» **AIM OF THE TASK**: Your answer must match the records word for word and contain no pictures.

» **TASK DATA**:
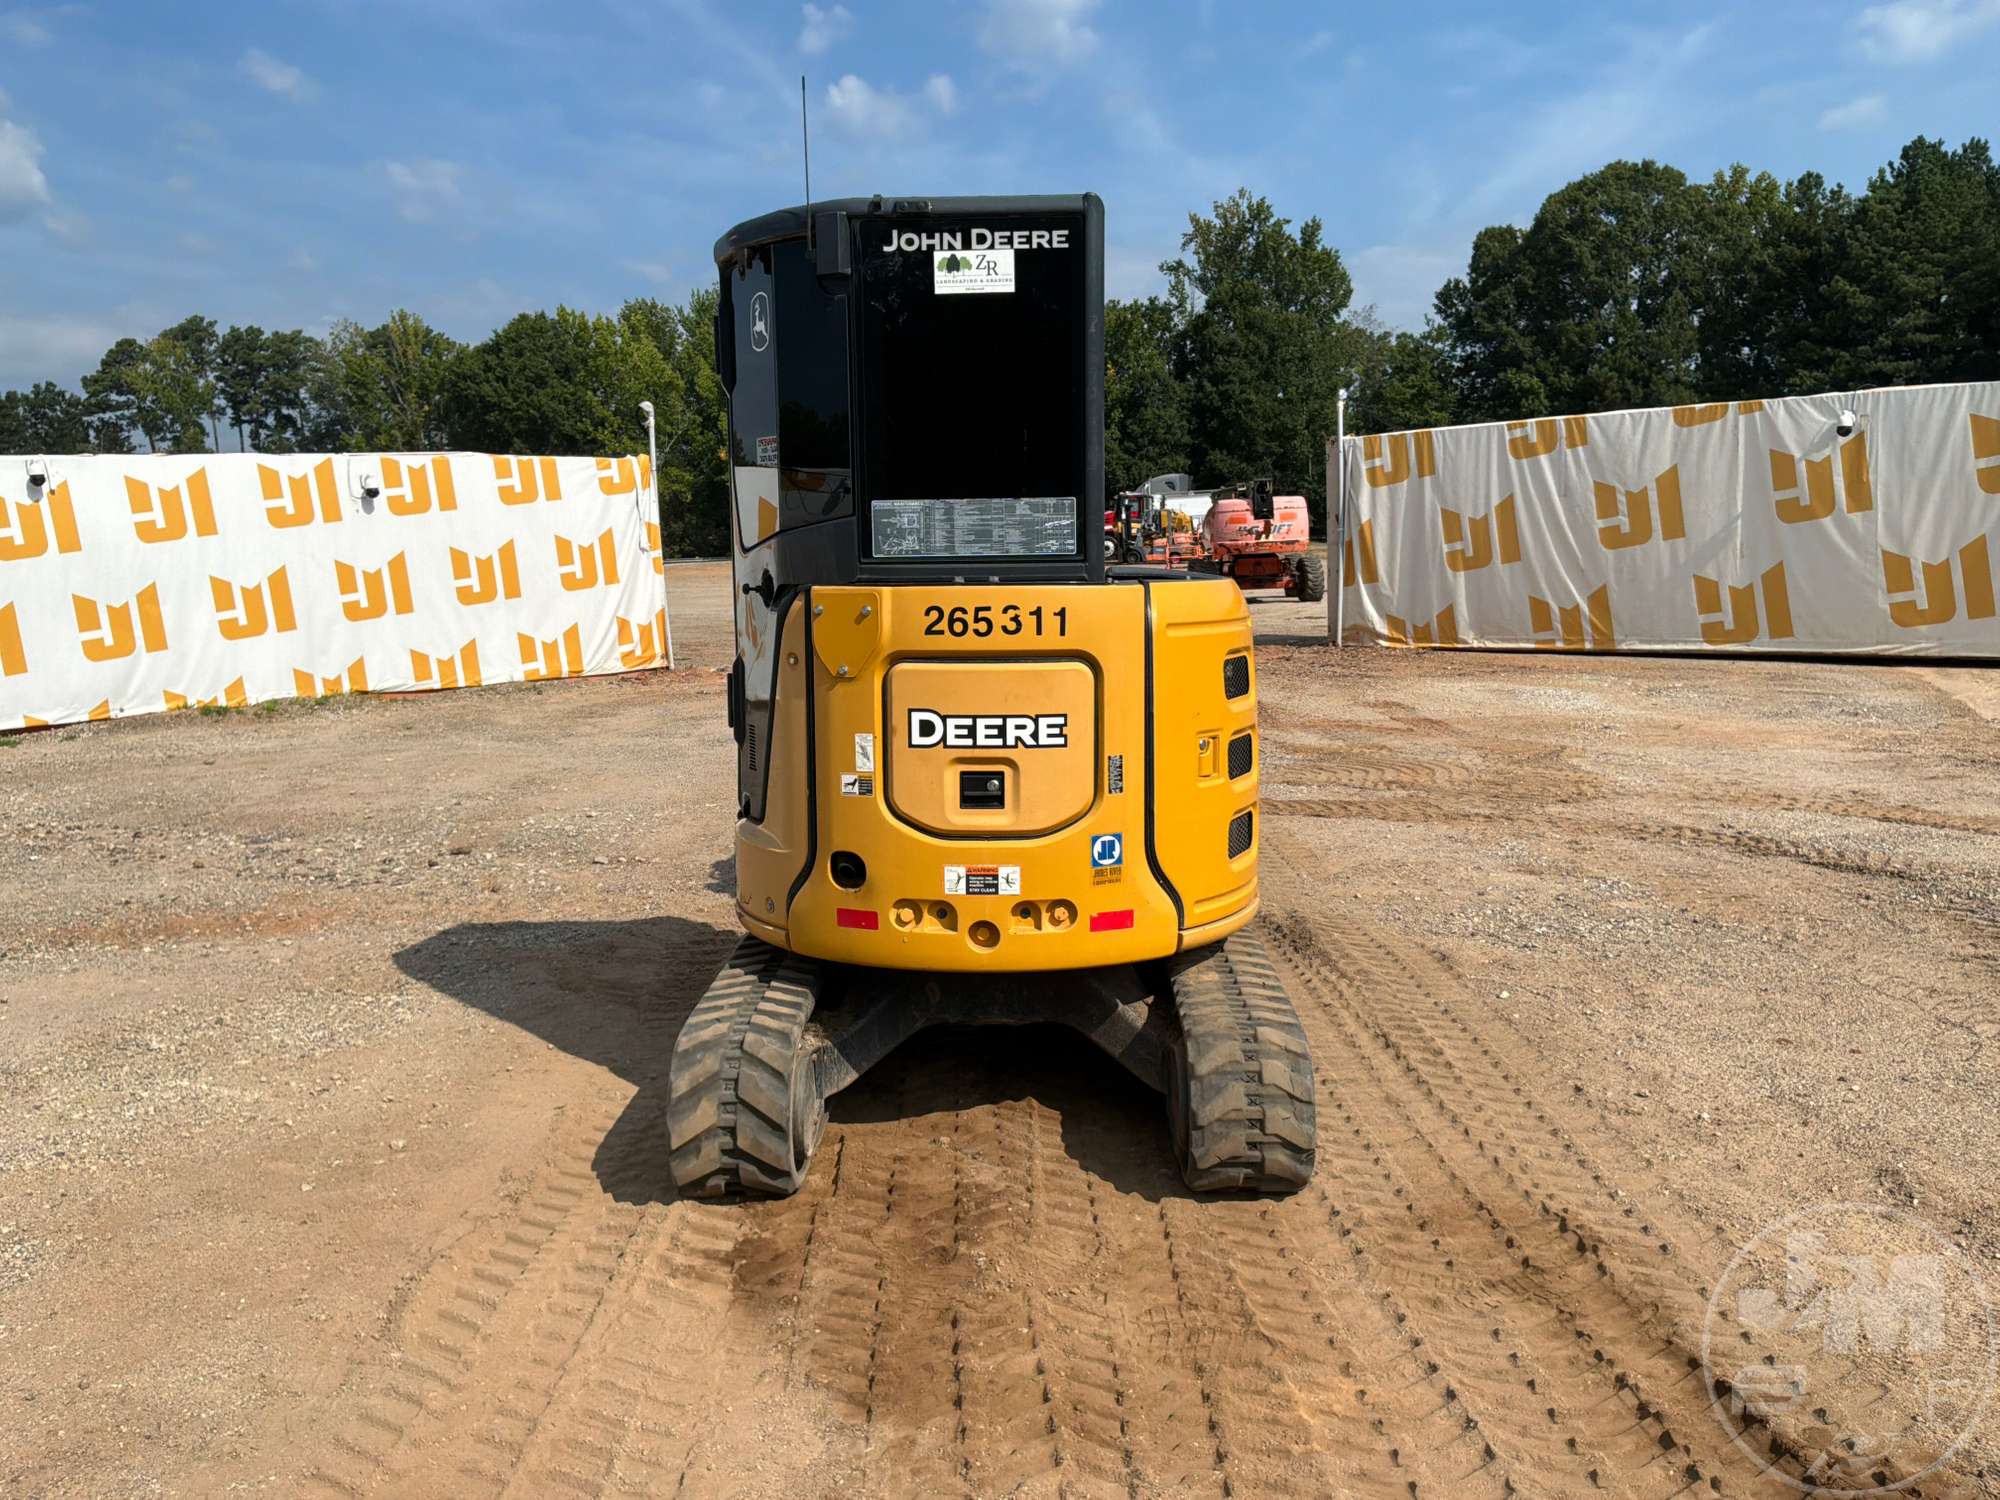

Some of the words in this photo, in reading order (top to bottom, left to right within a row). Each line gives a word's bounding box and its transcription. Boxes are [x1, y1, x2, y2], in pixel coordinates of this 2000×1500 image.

[882, 229, 963, 252] JOHN
[970, 228, 1069, 250] DEERE
[923, 605, 1068, 637] 265311
[909, 709, 1067, 748] DEERE
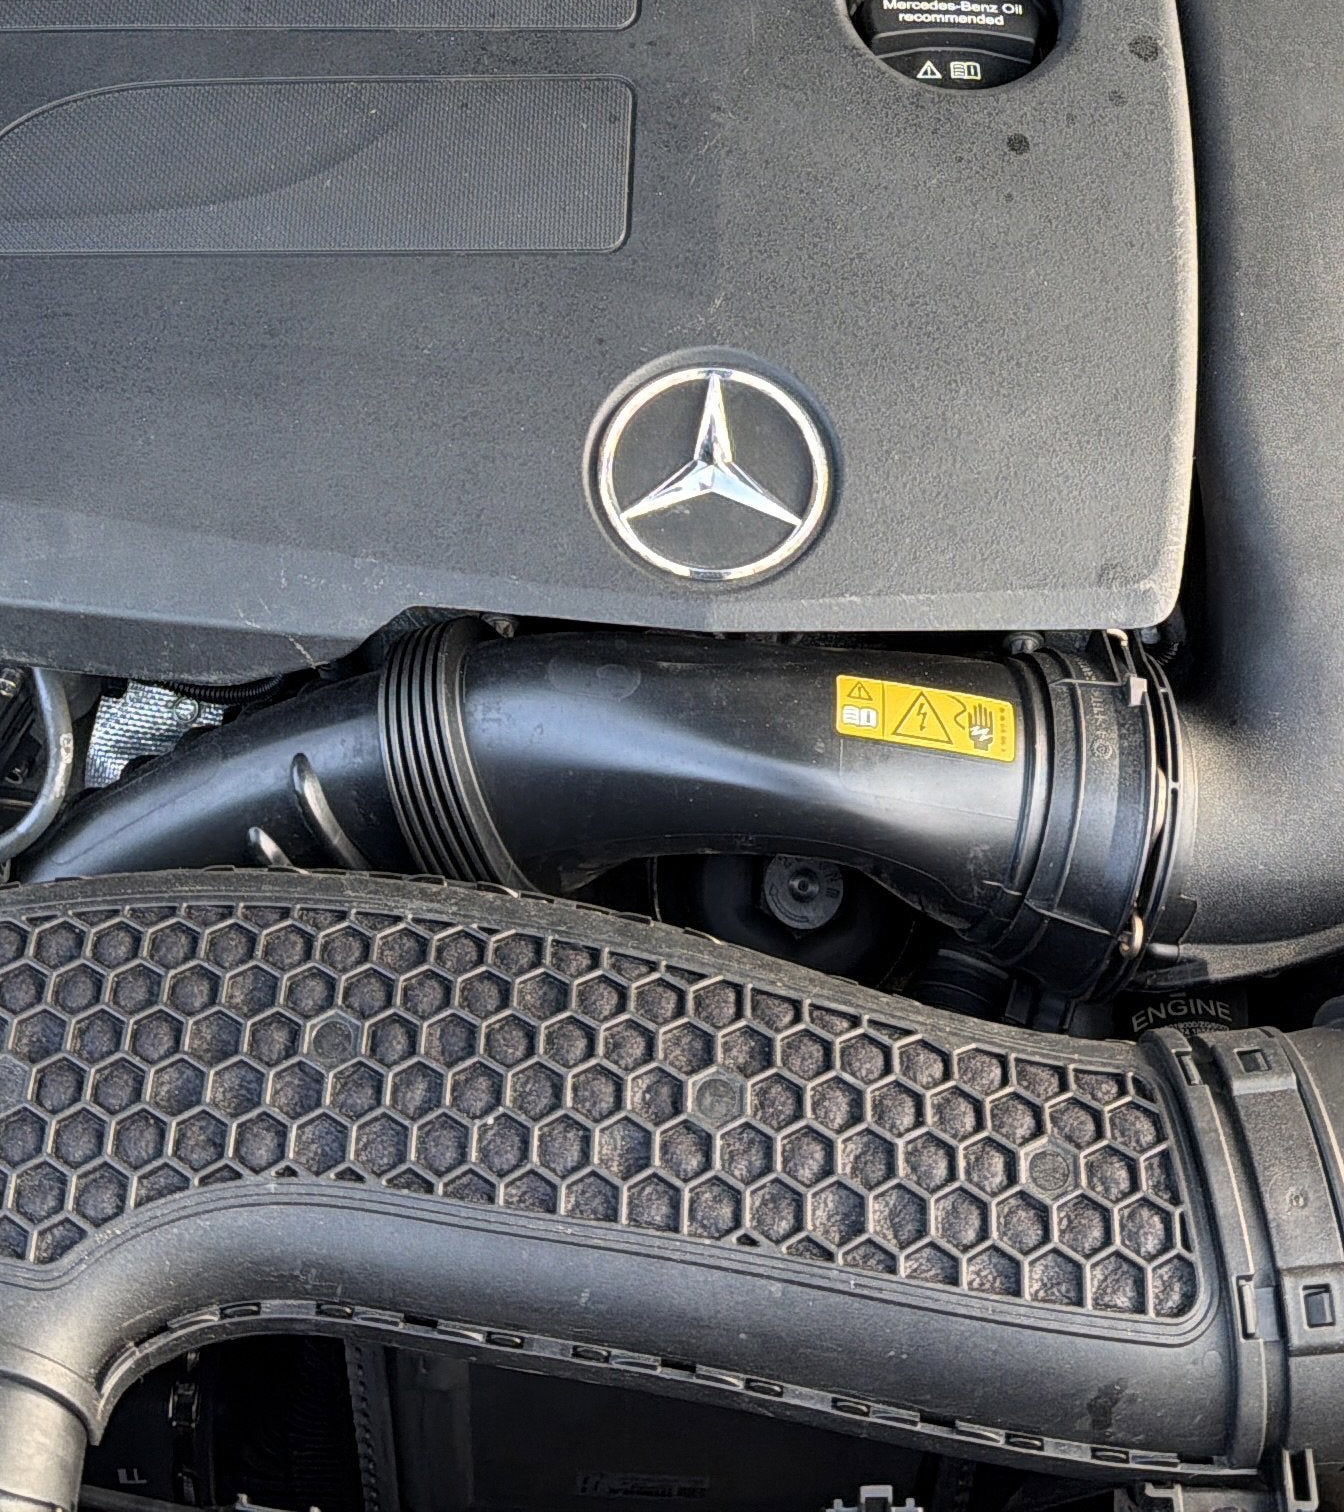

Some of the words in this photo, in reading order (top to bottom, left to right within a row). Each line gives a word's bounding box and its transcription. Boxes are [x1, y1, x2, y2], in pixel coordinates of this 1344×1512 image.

[883, 0, 998, 14] Mercedes-Benz
[1002, 4, 1023, 16] Oil
[899, 12, 1004, 26] recommended
[1131, 998, 1233, 1033] ENGINE
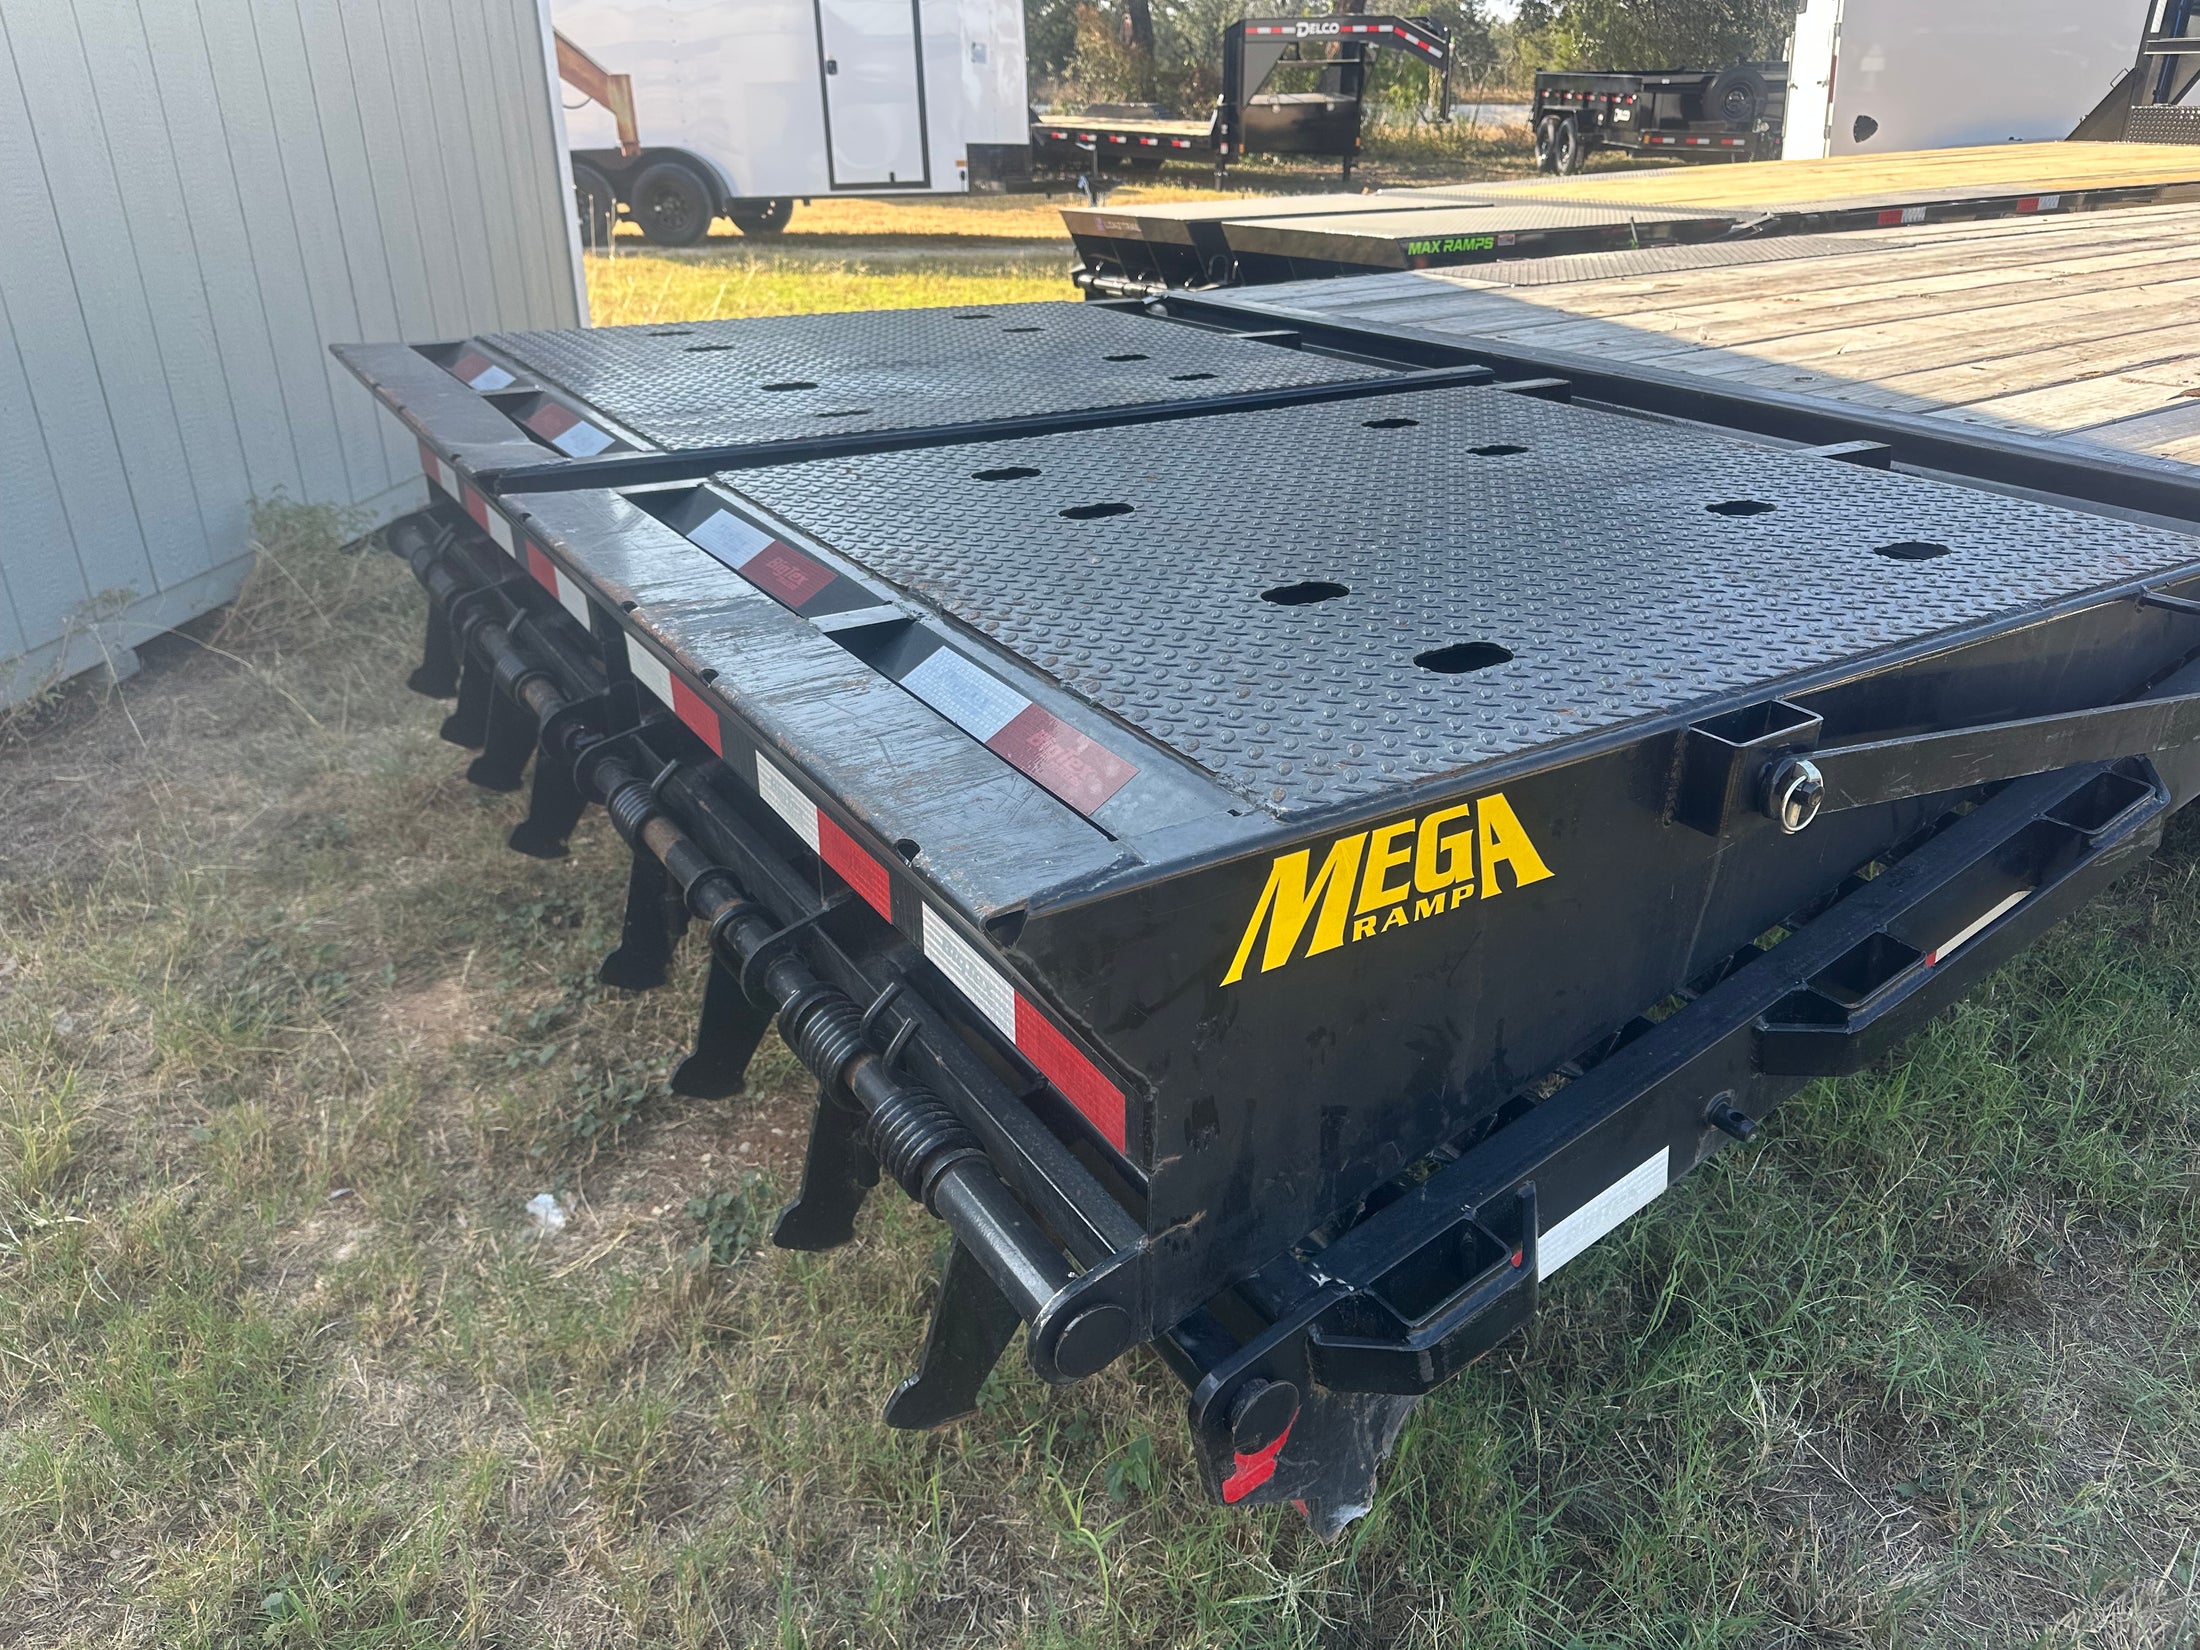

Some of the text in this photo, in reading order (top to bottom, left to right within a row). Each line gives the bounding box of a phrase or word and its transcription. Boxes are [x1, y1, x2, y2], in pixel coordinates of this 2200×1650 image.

[1296, 21, 1340, 38] DELCO
[1408, 240, 1442, 256] MAX
[1443, 237, 1495, 253] RAMPS
[1219, 792, 1556, 987] MEGA
[1352, 883, 1475, 943] RAMP

» **EXERCISE RESULT**:
Some of the words in this photo, in reading order (top to bottom, left to right within a row). Each line gives a word's bounding box and its transcription. Boxes are [x1, y1, x2, y2], in pixel coordinates of this 2000×1500 image.

[882, 229, 963, 252] JOHN
[970, 228, 1069, 250] DEERE
[923, 605, 1068, 637] 265311
[909, 709, 1067, 748] DEERE

Some of the words in this photo, in reading order (top to bottom, left to right within a row). Each line gives a word's bounding box and its transcription. Boxes are [x1, y1, x2, y2], in pixel coordinates of this 1344×1512 image.

[883, 0, 998, 14] Mercedes-Benz
[1002, 4, 1023, 16] Oil
[899, 12, 1004, 26] recommended
[1131, 998, 1233, 1033] ENGINE

Some of the text in this photo, in reading order (top to bottom, left to right within a row). Each line gives the bounding box of a phrase or word and its transcription. Boxes are [x1, y1, x2, y2], in pixel coordinates of this 2200×1650 image.

[1296, 21, 1340, 38] DELCO
[1408, 240, 1442, 256] MAX
[1443, 237, 1495, 253] RAMPS
[1219, 792, 1556, 987] MEGA
[1352, 883, 1475, 943] RAMP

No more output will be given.